In 2006, Lacey Phillips and her boyfriend, Erin Hall, applied for a loan to buy a home in Prairie du Sac, Wisconsin, but it was denied because Hall had previously declared bankruptcy. Undeterred, the couple, who were soon to be married, sought out Brian Bowling, a mortgage broker from Sun Prairie, Wisconsin.
Bowling helped the couple get what would later become known as a “liar’s loan.” Thousands of these mortgage loans were given to people who did not have the salaries or assets to afford a conventional loan. They were often granted based on inflated or even concocted income figures.

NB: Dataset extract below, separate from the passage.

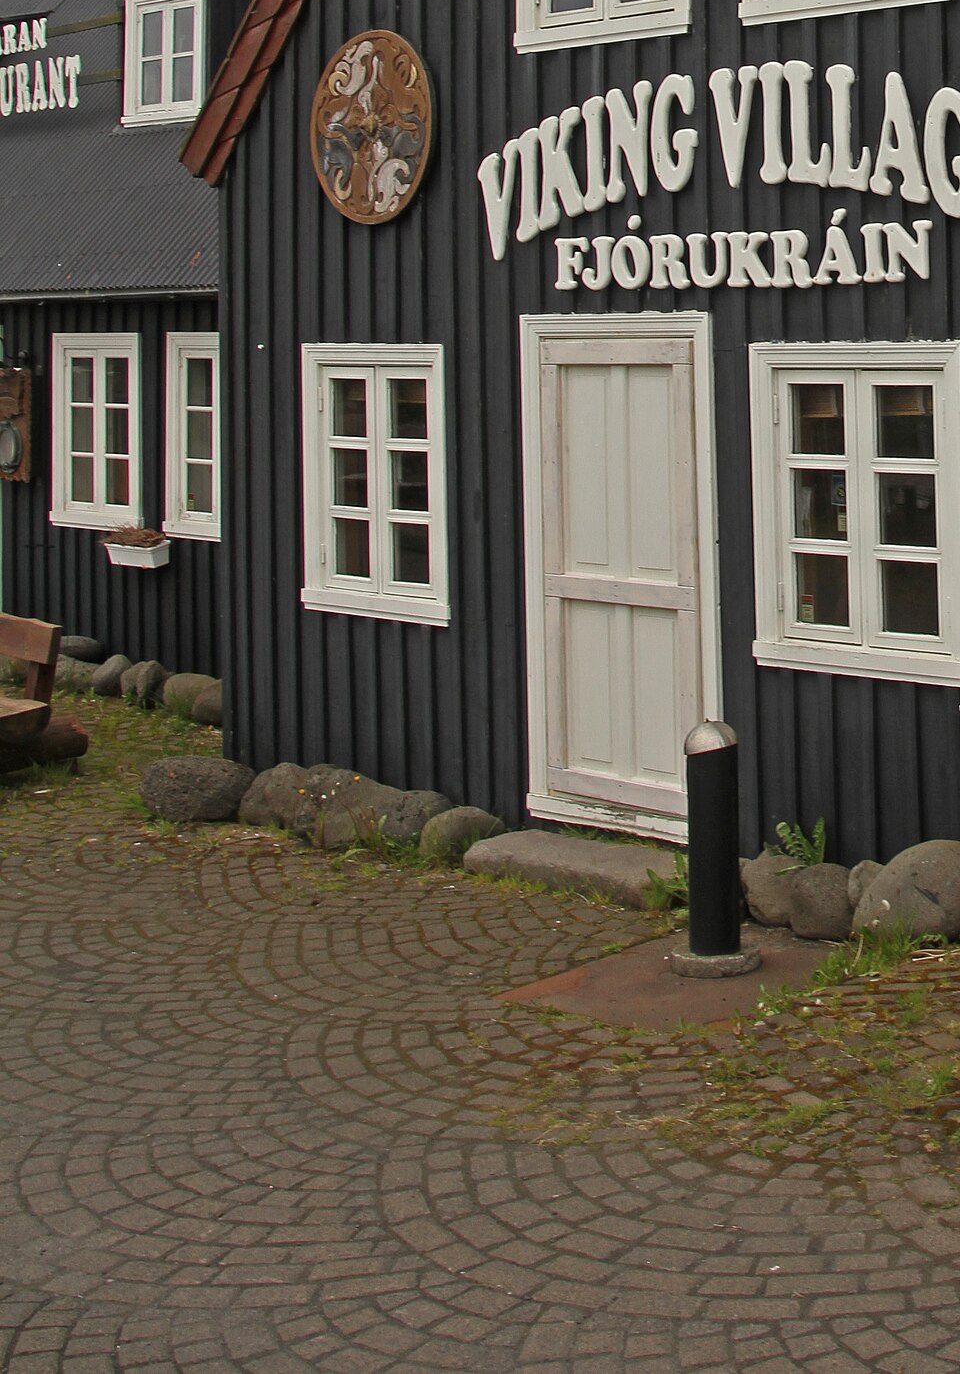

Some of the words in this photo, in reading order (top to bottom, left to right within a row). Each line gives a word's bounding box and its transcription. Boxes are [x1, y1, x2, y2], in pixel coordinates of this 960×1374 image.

[0, 18, 47, 55] RAN
[478, 74, 698, 261] VIKING
[555, 208, 932, 290] FJÓRUKRÁIN

Bowling arranged for the couple to apply for a loan in June 2006 at Fremont Investment & Loan, a California-based bank that eventually collapsed in 2008 and was described in court as an institution of “dubious ethics.”
Phillips was a hairdresser and Hall was a barber (Bowling was one of his customers). The application to Fremont was made out in Phillips’ name only, but listed their combined income. The couple obtained a $220,000 loan and ultimately lost the home to foreclosure when their interest rate escalated and a large balloon payment came due.

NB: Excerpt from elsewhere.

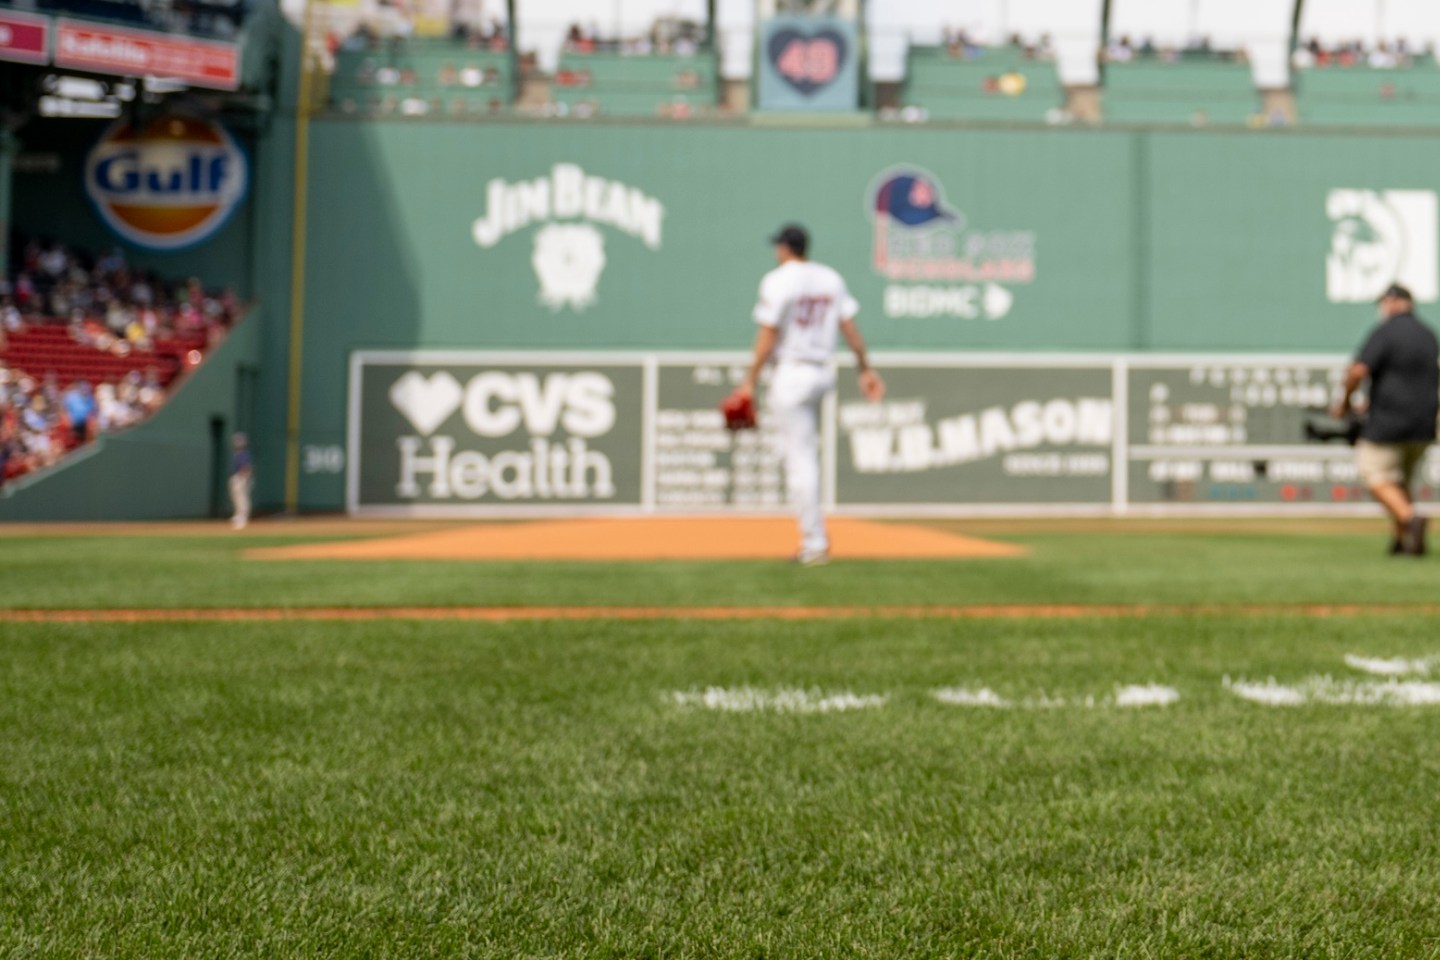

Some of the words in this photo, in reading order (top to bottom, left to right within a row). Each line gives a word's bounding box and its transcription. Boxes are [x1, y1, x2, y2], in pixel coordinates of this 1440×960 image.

Federal authorities investigated the collapse of Fremont and ultimately indicted Bowling on charges of submitting bogus information to secure $1.7 million in loans that resulted in $434,000 in losses. Bowling was sentenced to 51 months in prison.

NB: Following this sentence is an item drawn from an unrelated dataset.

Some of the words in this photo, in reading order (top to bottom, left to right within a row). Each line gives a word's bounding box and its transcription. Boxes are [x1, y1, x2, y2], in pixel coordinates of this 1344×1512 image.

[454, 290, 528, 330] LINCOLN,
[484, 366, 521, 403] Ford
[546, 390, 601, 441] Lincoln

Phillips and Hall were indicted in 2011 on charges of conspiring to defraud Fremont and making a false statement to defraud the bank.
They were convicted in September 2011 after the trial judge refused to allow them to present evidence that Bowling told them that Phillips should be the only loan applicant and that the combined income of both Phillips and Hall should be put on the loan application. Bowling told them this was proper because the bank was asking for the total income from which the loan would be repaid, not just Phillips’ income.
They were each sentenced to 60 days in jail and ordered to jointly make restitution of nearly $88,000.
In September 2013, the Seventh Circuit U.S. Court of Appeals reversed the convictions. The court held that the defense evidence should have been admitted to support the couple’s claim that they had no intent to make a false statement to convince the bank to make the loan.
On January 29, 2014, the U.S. Attorney’s Office for the Eastern District of Wisconsin dismissed the charges.